"Some of what happiness researchers now think they know:
- Everyone seems to have a pre-programmed "set point" for happiness -- a level of happiness they're genetically programmed for, and to which they'll always tend to return. There isn't much that can be done to change this set point.
- Genetics and inheritance seem to be responsible for as much as half your tendency towards happiness or unhappiness.
- Even huge positive changes in a person's life -- getting married, winning the lottery -- only affect happiness levels for about six months.
- The rich are certainly happier than the abject poor. But for most people, more money doesn't tend to lead to much additional happiness, at least once basic material needs have been met.
- Three of the hardest things to cope with emotionally are widowhood (or widowerhood), longterm unemployment, and caring for a sick loved one.
- The best way to deal with a case of severe, long-lasting unhappiness is to take a mood-boosting pill. In many cases, a six-month course of treatment will effectively jolt the depressed person out of his or her rut
- Pursuing sex and status don't make people happy. They're things that we, being human, do -- but they don't necessarily lead to happiness
- People who are forever chasing after happiness -- who crave blasts of euphoria -- tend to be much less happy than people who are willing to let life (and their moods) take their own course.
Some tips for being happy:
If your job isn't especially rewarding, pursue a hobby you love, one that delivers experiences of "flow.
Don't focus too much on making money and buying things.Maintain a wide variety of friendships, and don't spend too much time alone.
- Cultivate gratitude and forgiveness, including forgiveness towards yourself
Don't try to feel great all the time -- that's not the way life works.
Hey, why aren't these facts and tips better-known than they are? Geoffrey Miller has a hunch:
Popular culture is dominated by advertisements that offer the following promise: buy our good or service, and your subjective well-being will increase. The happiness research demonstrates that most such promises are empty ... Some journalists may have realized that the happiness research challenges the consumerist dream-world upon which their advertising revenues depend their failure to report on the implications of the research for consumerism is probably no accident. They are in the business of selling readers to advertisers, not telling readers that advertising is irrelevant to their subjective well-being."

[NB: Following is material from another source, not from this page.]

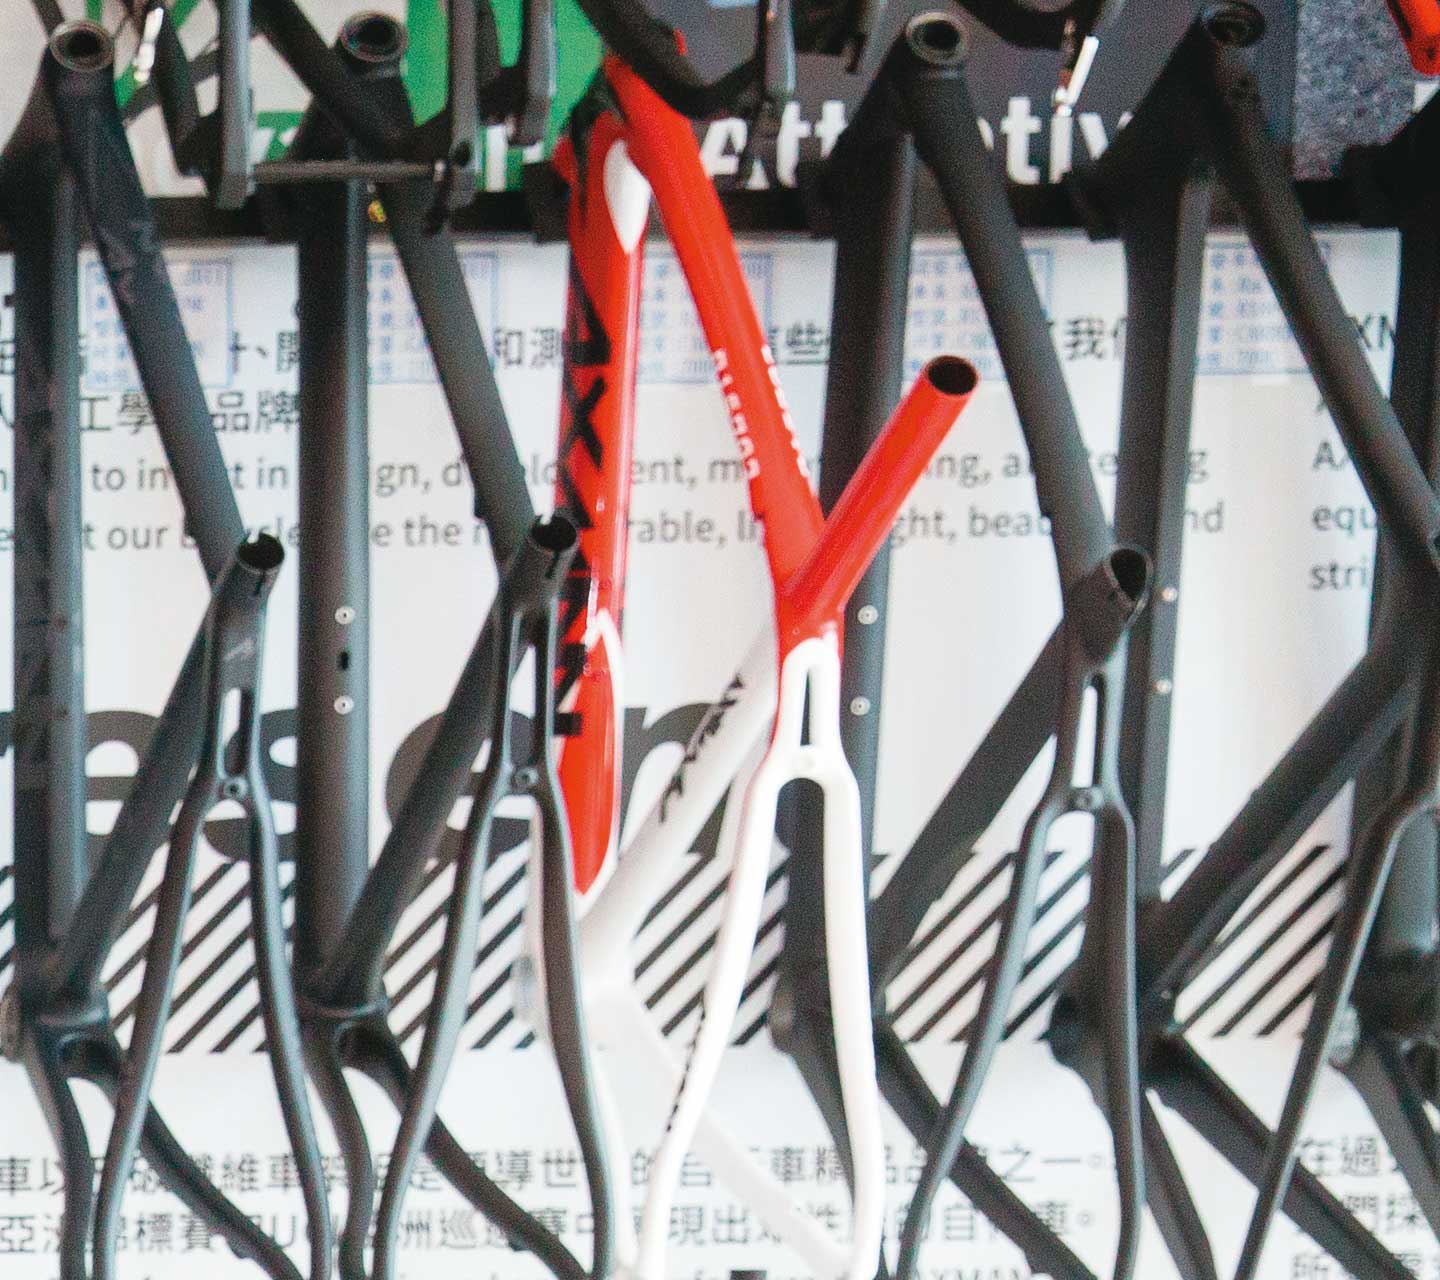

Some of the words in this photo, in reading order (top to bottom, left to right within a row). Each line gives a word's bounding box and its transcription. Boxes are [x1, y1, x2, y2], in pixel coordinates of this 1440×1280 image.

[91, 464, 125, 492] to
[257, 458, 288, 491] in
[107, 523, 168, 550] our

Επί τη ευκαιρία, θυμήθηκα κι άλλο ένα post, του Bryan Caplan, από το Marginal Revolution (http://www.marginalrevolution.com)
"Gratitude Journals and Loewenstein's Challenge
Background: George Loewenstein is one of the leading figures in Economics and Psychology.
While walking in Pittsburgh one afternoon, Loewenstein tells me that he doesn't see how anybody could study happiness and not find himself leaning left politically; the data make it all too clear that boosting the living standards of those already comfortable, such as through lower taxes, does little to improve their levels of well-being, whereas raising the living standards of the impoverished makes an enormous difference.
Of course, you don't need Loewenstein to make this point. You could just listen to my favorite song by Johnny Cash, featured in the so-good-it-hurts soundtrack for Kill Bill, Volume 2:
How many times have
You heard someone say
If I had his money
I could do things my way
But little they know
That it's so hard to find
One rich man in ten
With a satisfied mind
...
Money can't buy back
Your youth when you're old
Or a friend when you're lonely
Or a love that's grown cold
The wealthiest person
Is a pauper at times
Compared to the man
With a satisfied mind
The answer to Loewenstein's challenge can be found in the growing psychological literature on gratitude. Several interesting experiments ask subjects to keep a "gratitude journal." Main idea: Every day, write down things you are grateful for. Depending on the experiment, control groups either do nothing, or keep an "ingratitude" diary, or write down a random childhood memory. The main finding is that keeping a gratitude journal makes people happier than the other treatments.
So what? Almost all redistributive rhetoric urges people to dwell on the negative - you or other people aren't getting what is due. This in turn makes people want to "do something" about the problem. And you can rest assured that no matter how much redistribution there is, egalitarians will never say "OK, life's fair now. We're done complaining." No, what they foster is literally a lifestyle of ingratitude - a recipe for unhappiness.
If we really want to make people happier, we would do almost the opposite. Tell people to be grateful for what the market gives them, and try to emulate more successful people instead of envying them. Children hear this all the time, and it is damn good advice. Adults should practice what they preach."